__What you need to do__.
The data below should be copied out exactly, with its pictures omitted.

__Data extract__.
----------

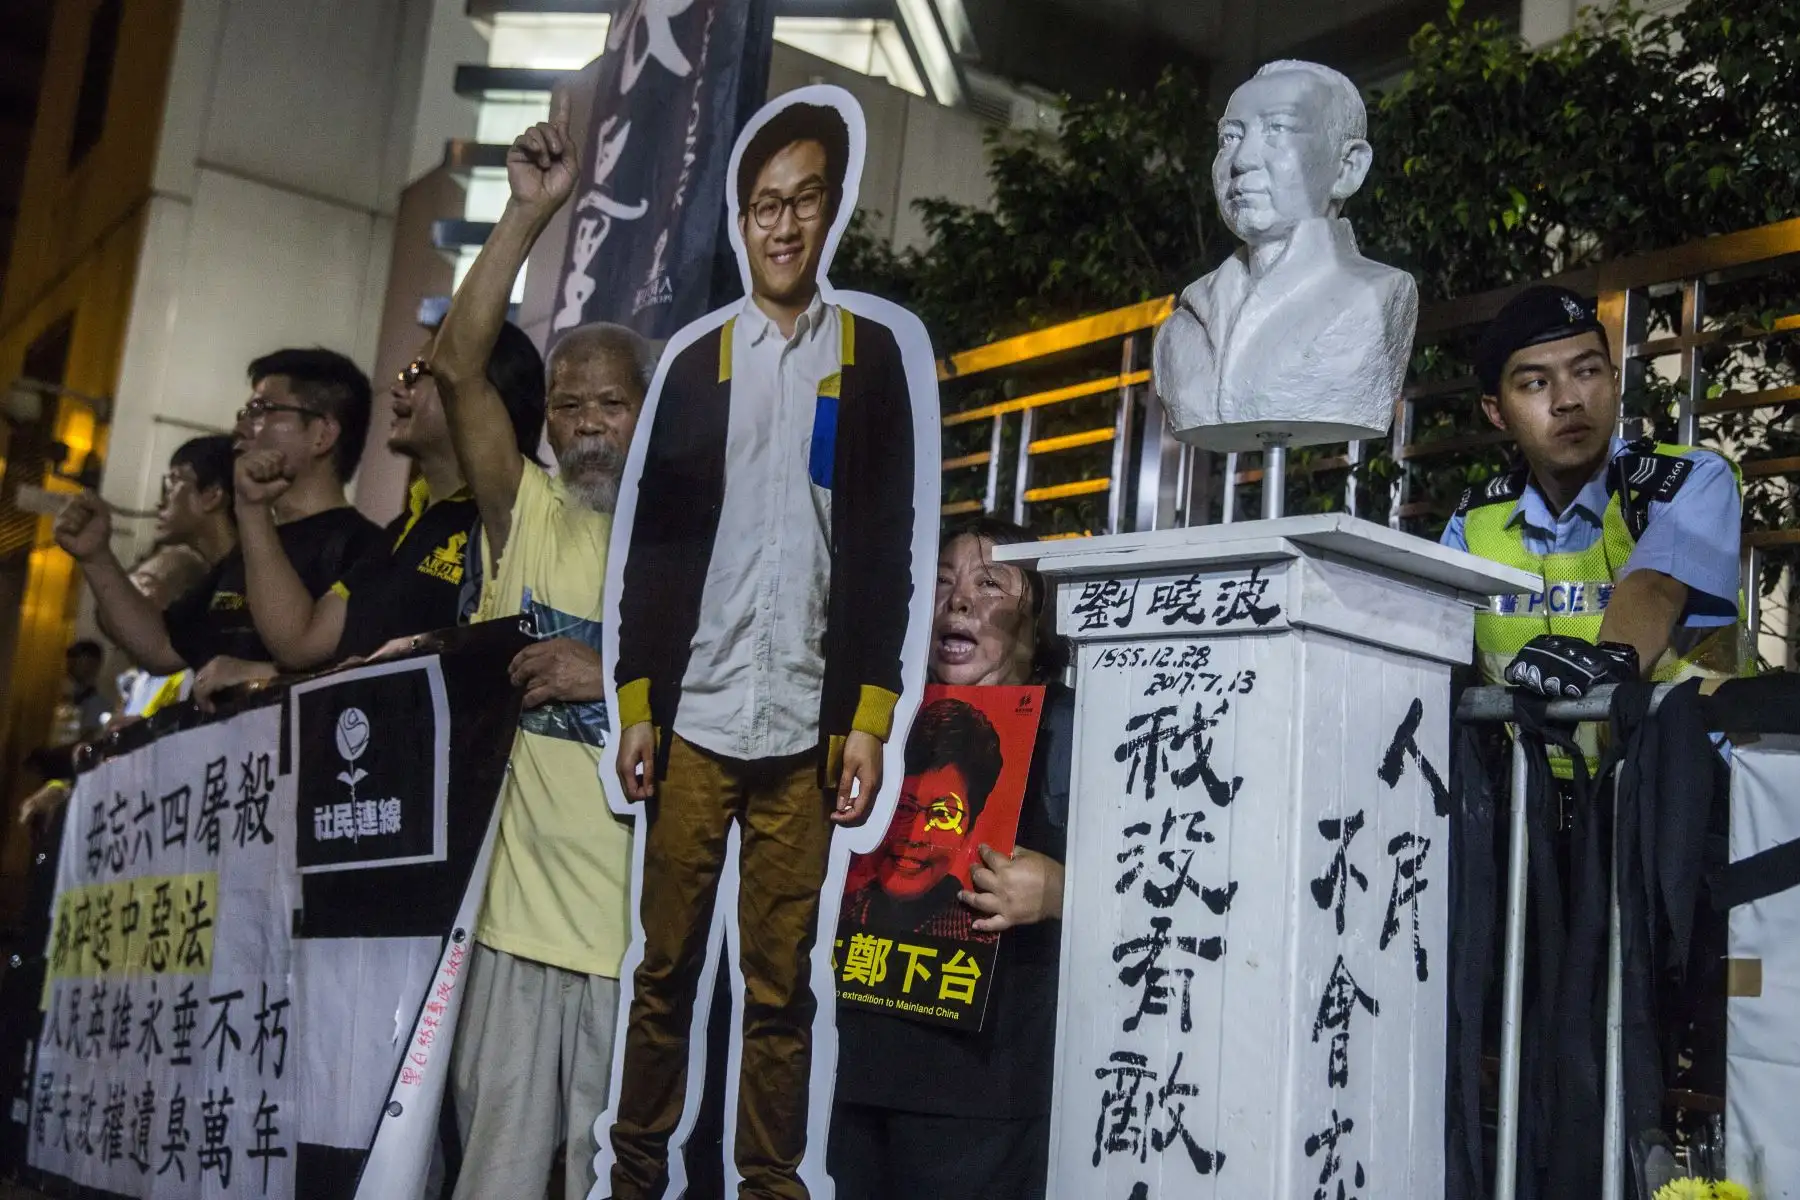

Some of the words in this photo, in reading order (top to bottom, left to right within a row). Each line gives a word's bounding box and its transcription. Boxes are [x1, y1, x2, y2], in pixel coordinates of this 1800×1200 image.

[1658, 461, 1685, 493] 17360
[314, 797, 402, 841] 社民連線
[830, 932, 982, 1005] 鄭下台
[842, 990, 885, 1007] extradition
[885, 997, 895, 1008] to
[895, 999, 935, 1016] Mainland
[935, 1005, 960, 1021] China

----------

__Exercise result__.
Some of the words in this photo, in reading order (top to bottom, left to right within a row). Each line gives a word's bounding box and its transcription. Boxes are [x1, y1, x2, y2], in pixel coordinates of this 1800×1200 image.

[1658, 461, 1685, 493] 17360
[314, 797, 402, 841] 社民連線
[830, 932, 982, 1005] 鄭下台
[842, 990, 885, 1007] extradition
[885, 997, 895, 1008] to
[895, 999, 935, 1016] Mainland
[935, 1005, 960, 1021] China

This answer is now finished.